As Ciamak Moresadegh, an Iranian Jewish leader, observed:
“If you think Judaism and Zionism are one, it is like
thinking Islam and the Taliban are the same, and they are
not.” Iran’s leaders denounce Zionism, which they blame for
fueling discrimination against the Palestinians, but they
have also repeatedly avowed that they have no problem with
Jews, Judaism or even the state of Israel. Ahmadinejad,
caricatured as a merchant of genocide, has in fact called
for ‘regime change’ -- and then only in the sense that he
believes a referendum should be held of all inhabitants of
Israel and the occupied territories, including refugees from
war, on the nature of the government.
Despite the absence of any threat to Iran’s Jews, the
Israeli media recently reported that the Israeli government
has been trying to find new ways to entice Iranian Jews to
Israel. The Ma’ariv newspaper pointed out that previous
schemes had found few takers. There was, noted the report,
“a lack of desire on the part of thousands of Iranian Jews
to leave”. According to the New York-based Forward
newspaper, a campaign to convince Iranian Jews to emigrate
to Israel caused only 152 out of these 25,000 Jews to leave
Iran between October 2005 and September 2006, and most of
them were said to have emigrated for economic reasons, not
political ones.
To step up these efforts -- and presumably to avoid the
embarrassing incongruence of claiming an imminent second
Holocaust while thousands of Jews live happily in Tehran --
Israel is now backing a move by Jewish donors to guarantee
every Iranian Jewish family $60,000 to settle in Israel, in
addition to a host of existing financial incentives that are
offered to Jewish immigrants, including loans and cheap
mortgages.
The announcement was met with scorn by the Society of
Iranian Jews, which issued a statement that their national
identity was not for sale. “The identity of Iranian Jews is
not tradeable for any amount of money. Iranian Jews are
among the most ancient Iranians. Iran’s Jews love their
Iranian identity and their culture, so threats and this
immature political enticement will not achieve their aim of
wiping out the identity of Iranian Jews.”
However, this financial gesture may not only be unwelcome
but self-fulfilling too, if past experience is the
yardstick. Israel introduced a similar scheme a few years
ago, when Argentina’s economy plunged into deep recession,
broadcasting an offer of $20,000 to every Jew who settled in
Israel. Months later the Israeli media reported a rise in
anti-Semitic attacks in Argentina, only adding to the
pressure on Jews there to leave. Of course, there was no
mention of a possible causal connection between the attacks
and Israel’s generous offer to Jews to abandon their
homeland as other Argentinians sank into poverty.

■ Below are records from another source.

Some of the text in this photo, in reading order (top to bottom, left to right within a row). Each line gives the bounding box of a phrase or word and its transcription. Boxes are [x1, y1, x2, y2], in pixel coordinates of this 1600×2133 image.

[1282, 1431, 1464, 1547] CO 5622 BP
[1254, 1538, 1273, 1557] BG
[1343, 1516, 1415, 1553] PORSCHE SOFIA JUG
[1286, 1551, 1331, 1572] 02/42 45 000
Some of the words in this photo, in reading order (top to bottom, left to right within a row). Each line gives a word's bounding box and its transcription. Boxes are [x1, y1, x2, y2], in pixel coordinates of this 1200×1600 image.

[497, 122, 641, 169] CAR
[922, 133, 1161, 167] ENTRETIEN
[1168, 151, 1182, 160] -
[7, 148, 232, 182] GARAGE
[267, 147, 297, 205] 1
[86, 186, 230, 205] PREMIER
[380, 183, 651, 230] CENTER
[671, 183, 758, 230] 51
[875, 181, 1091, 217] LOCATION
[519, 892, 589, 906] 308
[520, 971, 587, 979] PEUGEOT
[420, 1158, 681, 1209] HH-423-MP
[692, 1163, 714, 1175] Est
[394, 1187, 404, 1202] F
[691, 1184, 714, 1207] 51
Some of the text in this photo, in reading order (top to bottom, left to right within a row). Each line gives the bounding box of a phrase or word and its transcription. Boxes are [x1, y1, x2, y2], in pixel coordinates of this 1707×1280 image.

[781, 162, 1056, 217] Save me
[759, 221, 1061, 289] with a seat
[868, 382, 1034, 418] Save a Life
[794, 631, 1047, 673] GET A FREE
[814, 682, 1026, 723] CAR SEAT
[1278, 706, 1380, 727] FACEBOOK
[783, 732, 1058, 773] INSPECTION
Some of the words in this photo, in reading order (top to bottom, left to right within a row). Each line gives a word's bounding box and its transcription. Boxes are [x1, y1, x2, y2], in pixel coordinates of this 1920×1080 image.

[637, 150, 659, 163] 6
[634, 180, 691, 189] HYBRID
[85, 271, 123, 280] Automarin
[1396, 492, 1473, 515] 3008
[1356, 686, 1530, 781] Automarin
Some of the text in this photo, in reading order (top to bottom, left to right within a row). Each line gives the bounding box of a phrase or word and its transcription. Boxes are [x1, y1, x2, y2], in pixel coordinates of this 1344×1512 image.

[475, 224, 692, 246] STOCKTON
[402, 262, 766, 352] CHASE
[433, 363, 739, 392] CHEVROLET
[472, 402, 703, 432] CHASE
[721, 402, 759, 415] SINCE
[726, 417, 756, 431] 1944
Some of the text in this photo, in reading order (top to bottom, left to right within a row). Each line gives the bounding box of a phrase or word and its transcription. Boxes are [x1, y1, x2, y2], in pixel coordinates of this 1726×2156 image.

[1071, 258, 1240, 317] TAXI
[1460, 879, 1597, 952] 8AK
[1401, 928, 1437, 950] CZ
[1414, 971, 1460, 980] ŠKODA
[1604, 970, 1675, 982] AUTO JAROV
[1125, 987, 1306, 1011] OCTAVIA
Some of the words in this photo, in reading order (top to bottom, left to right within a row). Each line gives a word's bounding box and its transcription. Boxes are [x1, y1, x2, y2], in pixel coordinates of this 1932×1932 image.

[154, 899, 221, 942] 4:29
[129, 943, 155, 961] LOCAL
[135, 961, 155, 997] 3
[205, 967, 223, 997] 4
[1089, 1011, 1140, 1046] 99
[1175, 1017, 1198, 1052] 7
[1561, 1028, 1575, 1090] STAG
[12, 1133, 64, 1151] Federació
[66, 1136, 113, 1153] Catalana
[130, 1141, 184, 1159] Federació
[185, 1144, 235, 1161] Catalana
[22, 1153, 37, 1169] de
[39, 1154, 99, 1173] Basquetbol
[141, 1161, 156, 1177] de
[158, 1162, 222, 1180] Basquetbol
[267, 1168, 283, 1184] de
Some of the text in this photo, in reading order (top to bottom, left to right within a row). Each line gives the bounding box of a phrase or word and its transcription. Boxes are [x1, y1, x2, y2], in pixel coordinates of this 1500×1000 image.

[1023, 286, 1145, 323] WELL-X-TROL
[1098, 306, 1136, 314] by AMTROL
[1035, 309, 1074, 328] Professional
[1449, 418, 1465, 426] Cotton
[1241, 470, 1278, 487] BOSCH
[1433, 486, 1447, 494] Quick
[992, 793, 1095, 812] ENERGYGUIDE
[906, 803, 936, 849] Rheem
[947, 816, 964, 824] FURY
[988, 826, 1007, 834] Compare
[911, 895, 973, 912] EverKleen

But if financial enticements -- and a possible popular
backlash -- fail to move Iranian Jews, there is good reason
to fear that Israel may resort to other, more dubious ways
of encouraging them to emigrate. That is certainly a path
Israel has chosen before with other communities of Arab
Jews, whom it has regarded either as a pool of potential
spies and agents provocateurs to be used when needed or as
“human dust”, in the words of Israel’s first prime minister,
David Ben Gurion, to be recruited to Israel’s “demographic
battle” against the Palestinians.
In “Operation Susannah” of 1954, for example, Israel
recklessly recruited a group of Egyptian Jews to stage a
series of explosions in Egypt in a bid to discourage Britain
from withdrawing from the Suez Canal zone. When the plot
came to light, it naturally cast a shadow of disloyalty over
Egypt’s wider Jewish community. Following Israel’s invasion
and occupation of Sinai two years later, the government of
Gamal Abdel Nasser expelled some 25,000 Egyptian Jews and,
after others were imprisoned on suspicion of spying, the
rest soon left.
Even more notoriously, Israel went to greater lengths to
ensure the exit of the Arab world’s largest Jewish
population, in Iraq. In 1950 a series of bombs targeted on
Jews in Baghdad forced a rapid exodus of some 130,000 Iraqi
Jews to Israel, convinced that Arab extremists were behind
the attacks. Only later did it emerge that the bombs had
been planted by members of the Zionist underground,
supported by the Israeli government.
Now, Iran’s Jews may find themselves treated in much the
same manner -- as simple human fodder. Stories are growing
of Israel exploiting the free movement between Iran and
Israel enjoyed by Iranian Jews and their Israeli relatives
to carry out spying operations on Iran’s nuclear programme.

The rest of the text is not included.